### WHAT NEEDS TO BE DONE:
Please return every record exactly as written, leaving out the pictures.

(DATA SECTION begins)

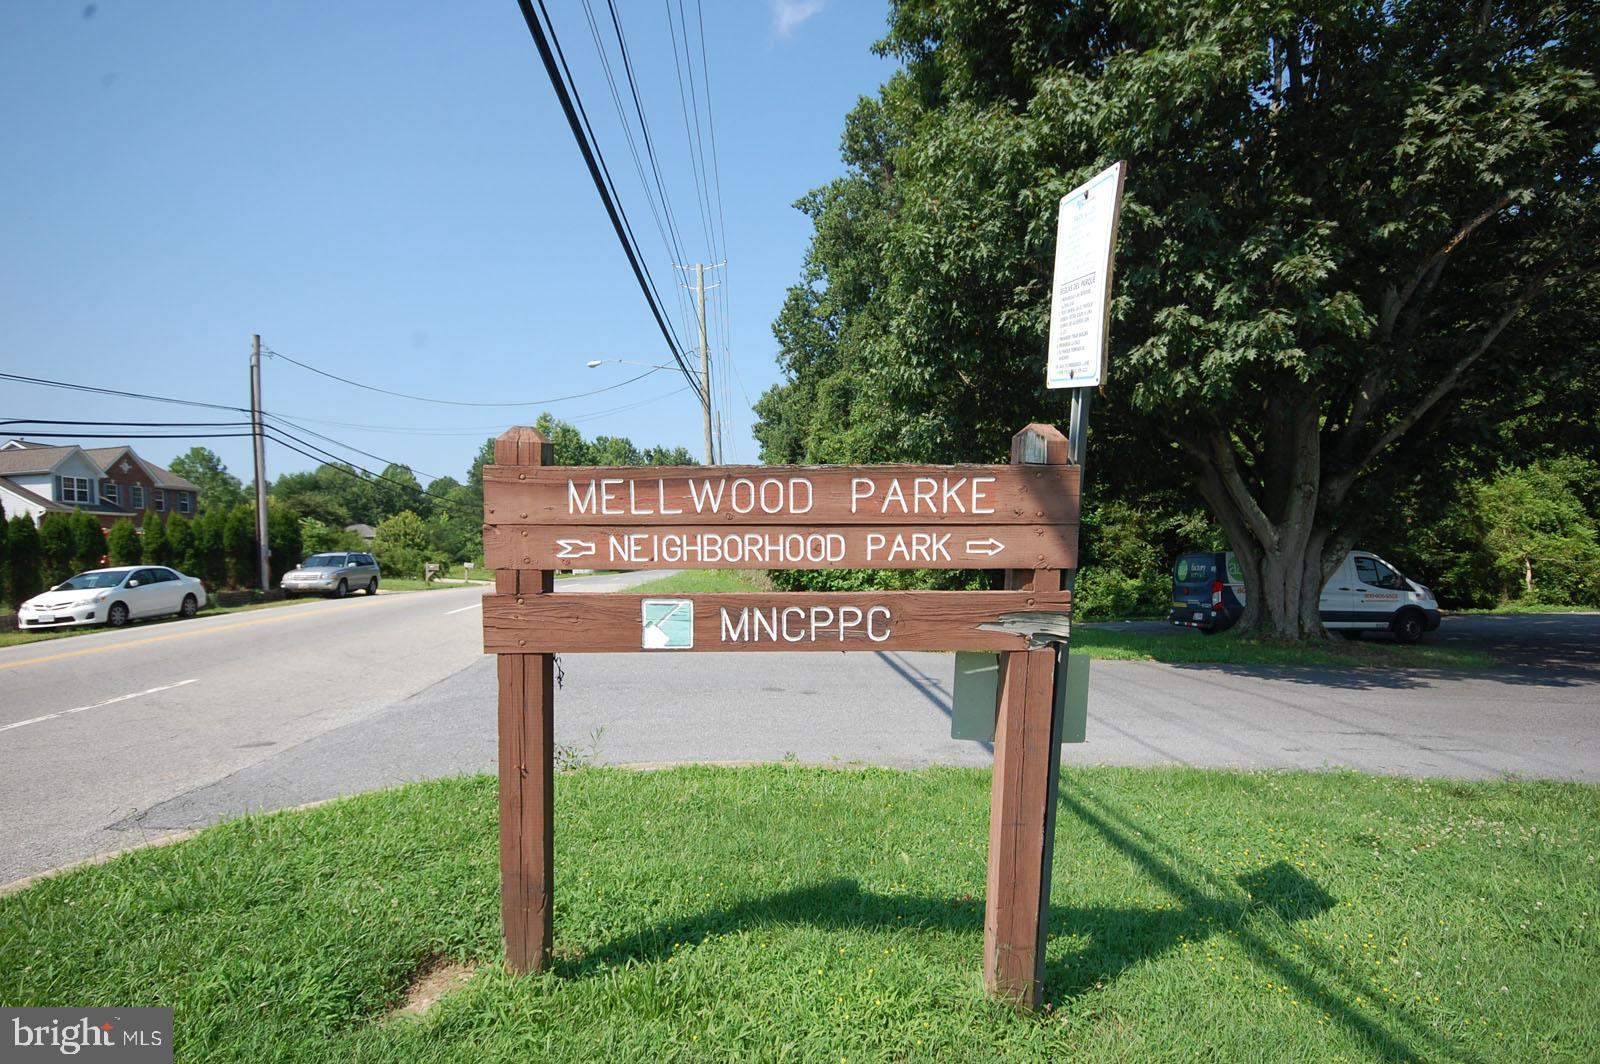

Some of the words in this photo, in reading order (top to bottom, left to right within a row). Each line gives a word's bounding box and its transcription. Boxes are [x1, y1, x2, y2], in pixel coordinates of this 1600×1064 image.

[568, 478, 812, 515] MELLWOOD
[852, 478, 995, 513] PARKE
[609, 534, 845, 562] NEIGHBORHOOD
[867, 533, 951, 561] PARK
[721, 606, 890, 641] MNCPPC

(DATA SECTION ends)

### ANSWER TO THIS TASK:
Some of the words in this photo, in reading order (top to bottom, left to right within a row). Each line gives a word's bounding box and its transcription. Boxes are [x1, y1, x2, y2], in pixel coordinates of this 1600×1064 image.

[568, 478, 812, 515] MELLWOOD
[852, 478, 995, 513] PARKE
[609, 534, 845, 562] NEIGHBORHOOD
[867, 533, 951, 561] PARK
[721, 606, 890, 641] MNCPPC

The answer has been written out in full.